- TASK TO COMPLETE -
Since the copy must match the original, write out each record word for word, skipping only the pictures.

- Referring expression grounding data -
★ ★ ★
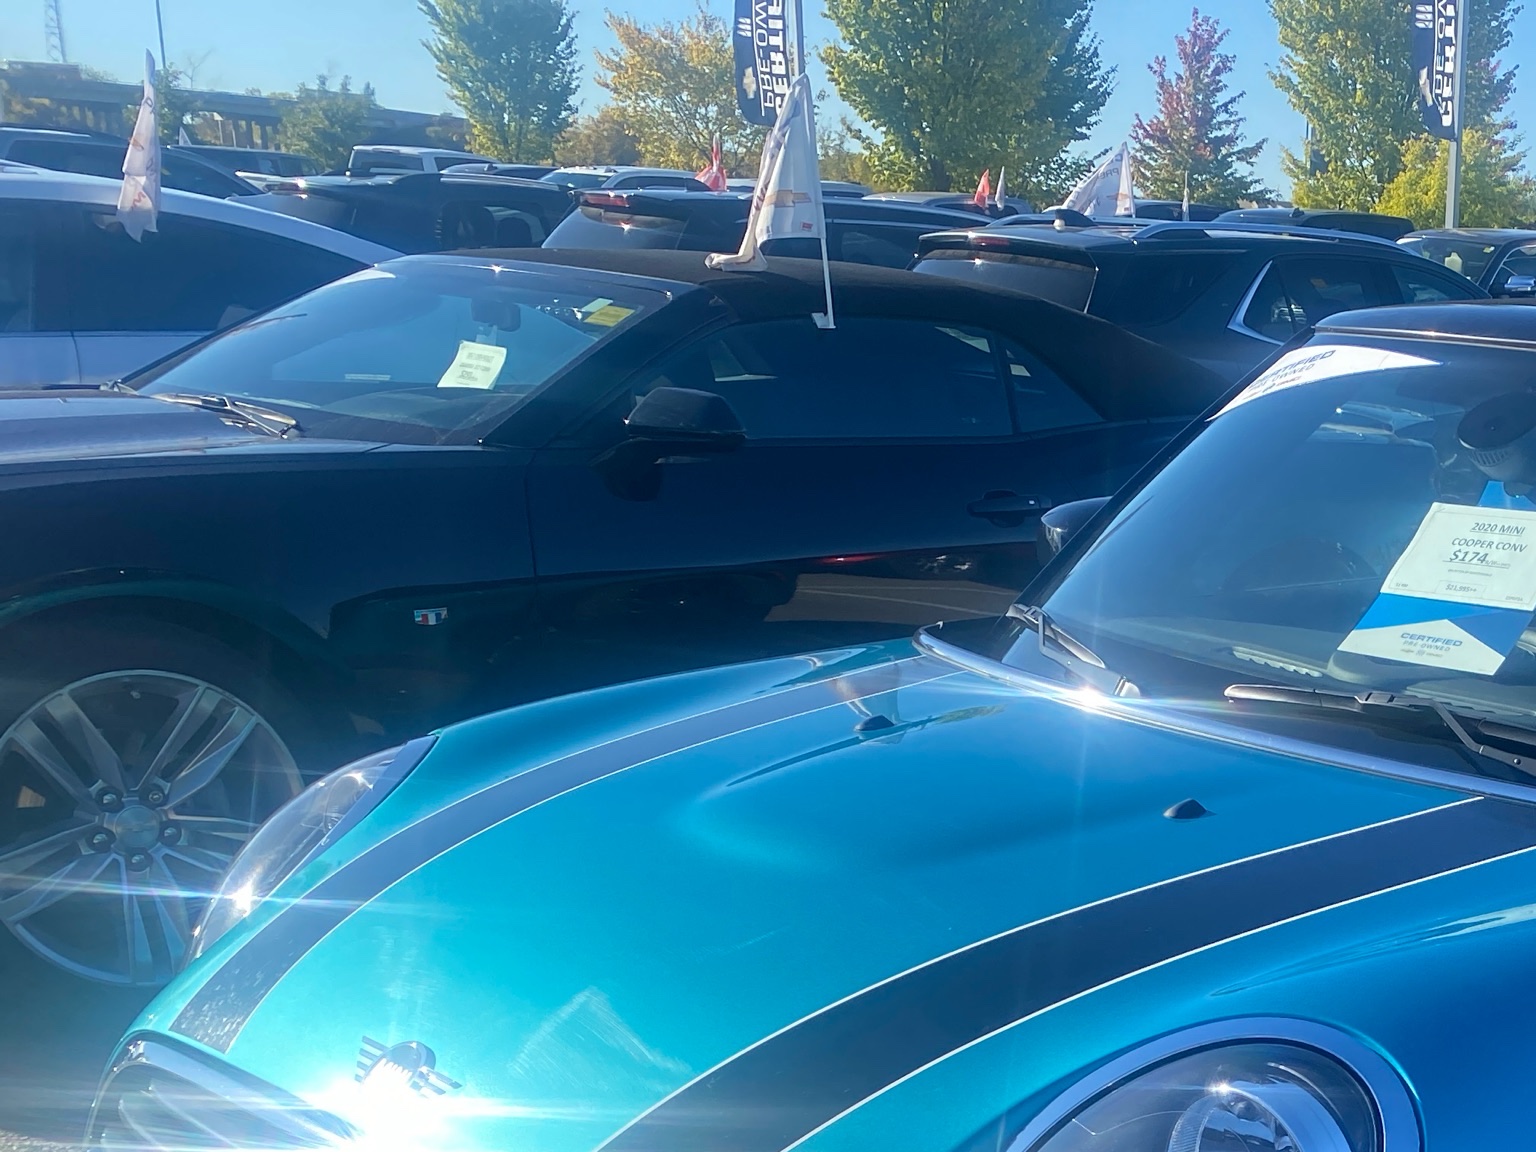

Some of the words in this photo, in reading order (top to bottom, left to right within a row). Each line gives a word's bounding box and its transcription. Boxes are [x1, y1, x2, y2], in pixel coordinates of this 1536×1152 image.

[1472, 522, 1497, 533] 2020
[1498, 524, 1526, 535] MINI
[1451, 537, 1495, 549] COOPER
[1495, 541, 1528, 553] CONV
[1449, 548, 1489, 565] $174
[1400, 632, 1463, 647] CERTIFIED
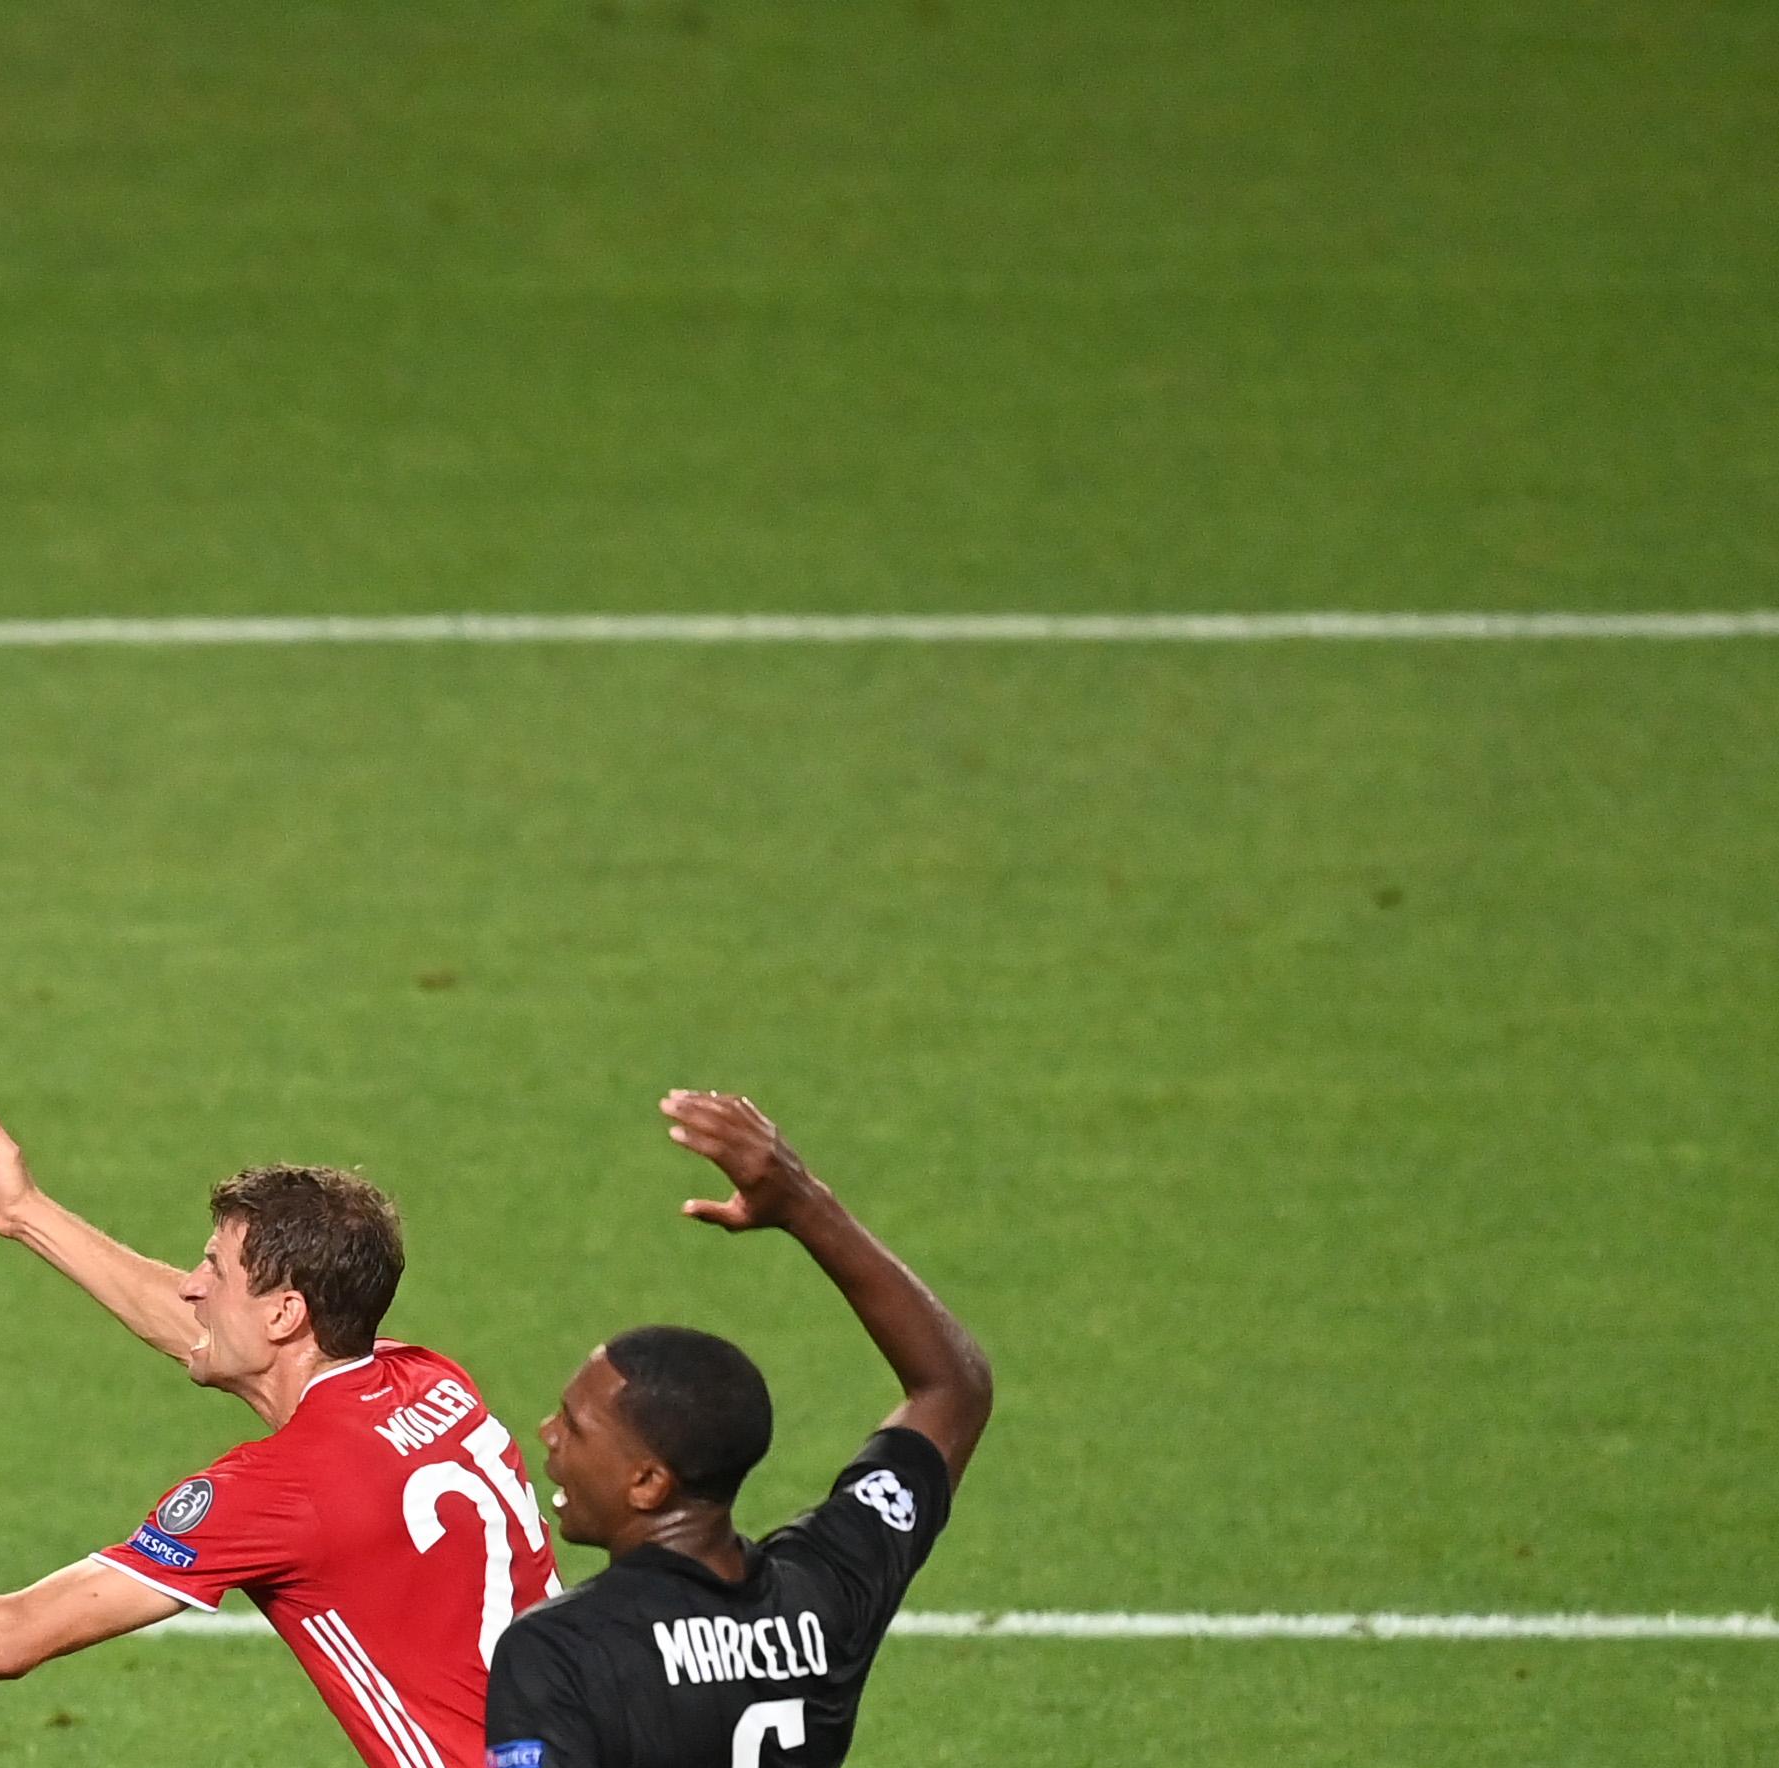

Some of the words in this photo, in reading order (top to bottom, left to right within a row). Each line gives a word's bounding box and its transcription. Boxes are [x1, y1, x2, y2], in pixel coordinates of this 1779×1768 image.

[373, 1378, 480, 1457] MÜLLER
[136, 1530, 195, 1569] RESPECT
[653, 1611, 828, 1686] MARCELO
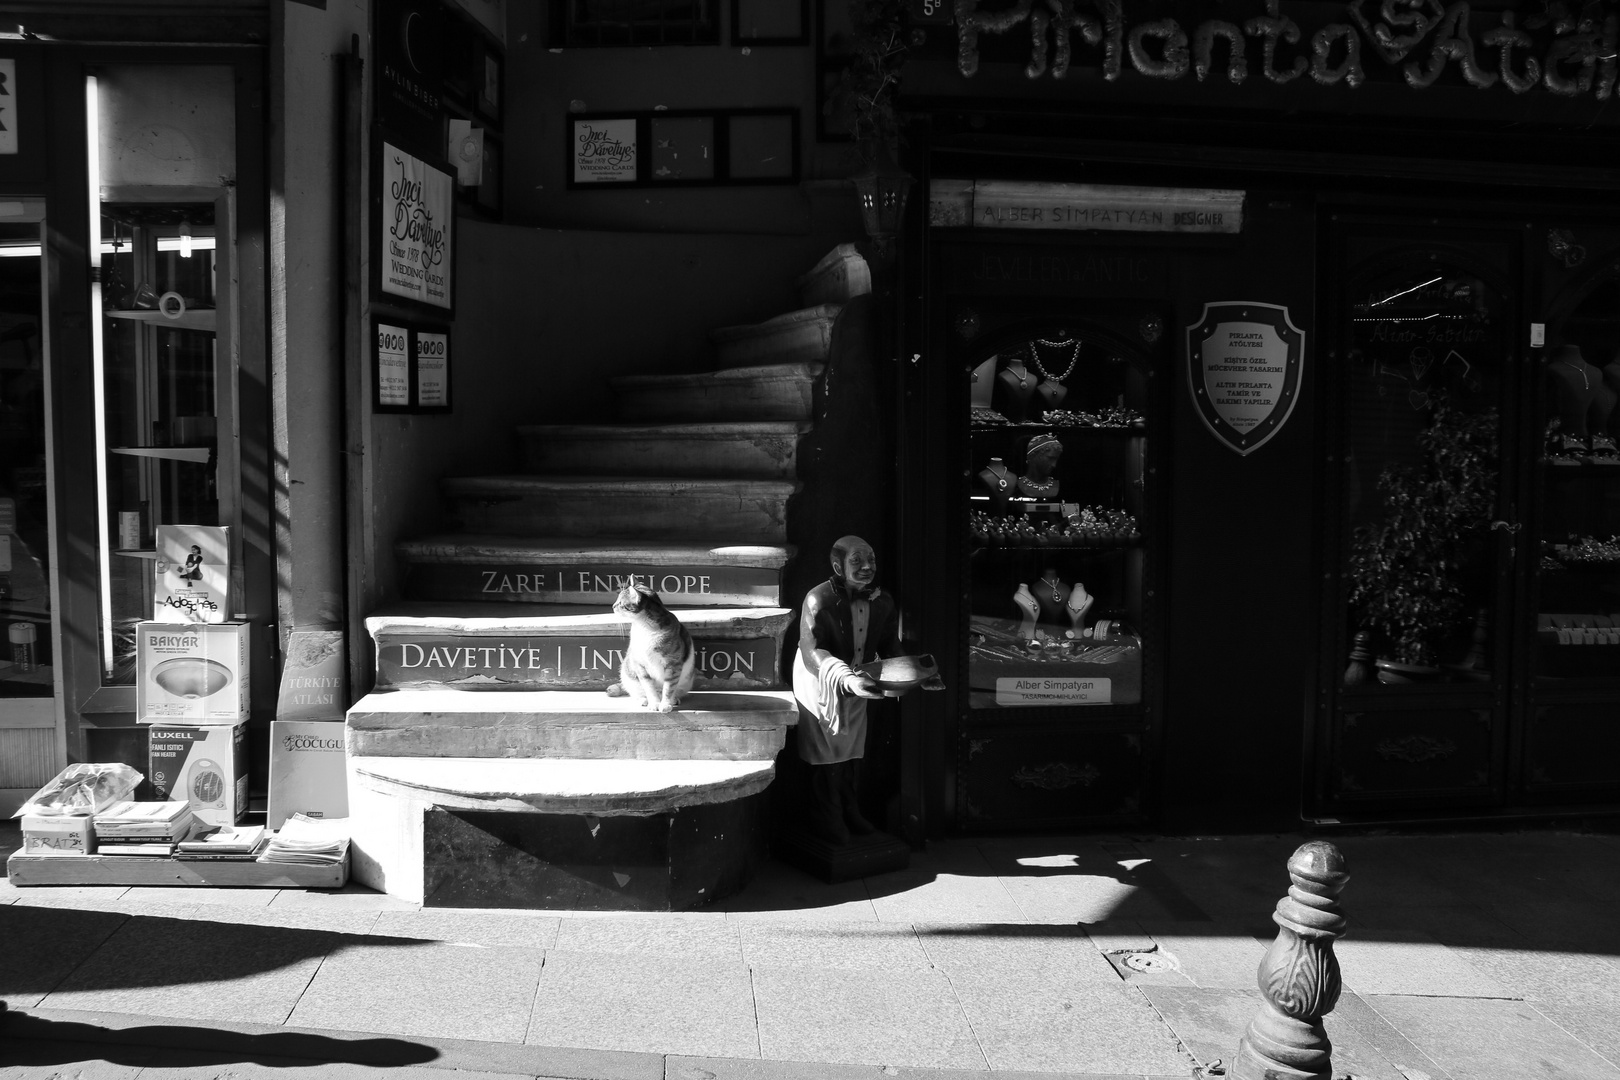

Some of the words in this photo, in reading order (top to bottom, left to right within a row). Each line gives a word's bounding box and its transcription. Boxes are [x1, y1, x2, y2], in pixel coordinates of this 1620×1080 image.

[391, 259, 424, 281] WEDDING
[481, 570, 545, 594] ZARF
[149, 635, 199, 648] BAKYAR
[288, 675, 341, 689] TÜRKİYE
[1015, 680, 1041, 690] Alber
[1043, 680, 1094, 692] Simpatyan
[290, 694, 334, 705] ATLASI
★ ★ ★
- SOLUTION FOR THIS TASK -
Some of the words in this photo, in reading order (top to bottom, left to right within a row). Each line gives a word's bounding box and its transcription. Boxes are [x1, y1, x2, y2], in pixel coordinates of this 1536×1152 image.

[1472, 522, 1497, 533] 2020
[1498, 524, 1526, 535] MINI
[1451, 537, 1495, 549] COOPER
[1495, 541, 1528, 553] CONV
[1449, 548, 1489, 565] $174
[1400, 632, 1463, 647] CERTIFIED

Some of the words in this photo, in reading order (top to bottom, left to right within a row). Each line gives a word's bounding box and its transcription. Boxes are [x1, y1, x2, y2], in pixel coordinates of this 1779×1768 image.

[373, 1378, 480, 1457] MÜLLER
[136, 1530, 195, 1569] RESPECT
[653, 1611, 828, 1686] MARCELO

Some of the words in this photo, in reading order (top to bottom, left to right within a row). Each line gives a word's bounding box and its transcription. Boxes are [x1, y1, x2, y2], in pixel coordinates of this 1620×1080 image.

[391, 259, 424, 281] WEDDING
[481, 570, 545, 594] ZARF
[149, 635, 199, 648] BAKYAR
[288, 675, 341, 689] TÜRKİYE
[1015, 680, 1041, 690] Alber
[1043, 680, 1094, 692] Simpatyan
[290, 694, 334, 705] ATLASI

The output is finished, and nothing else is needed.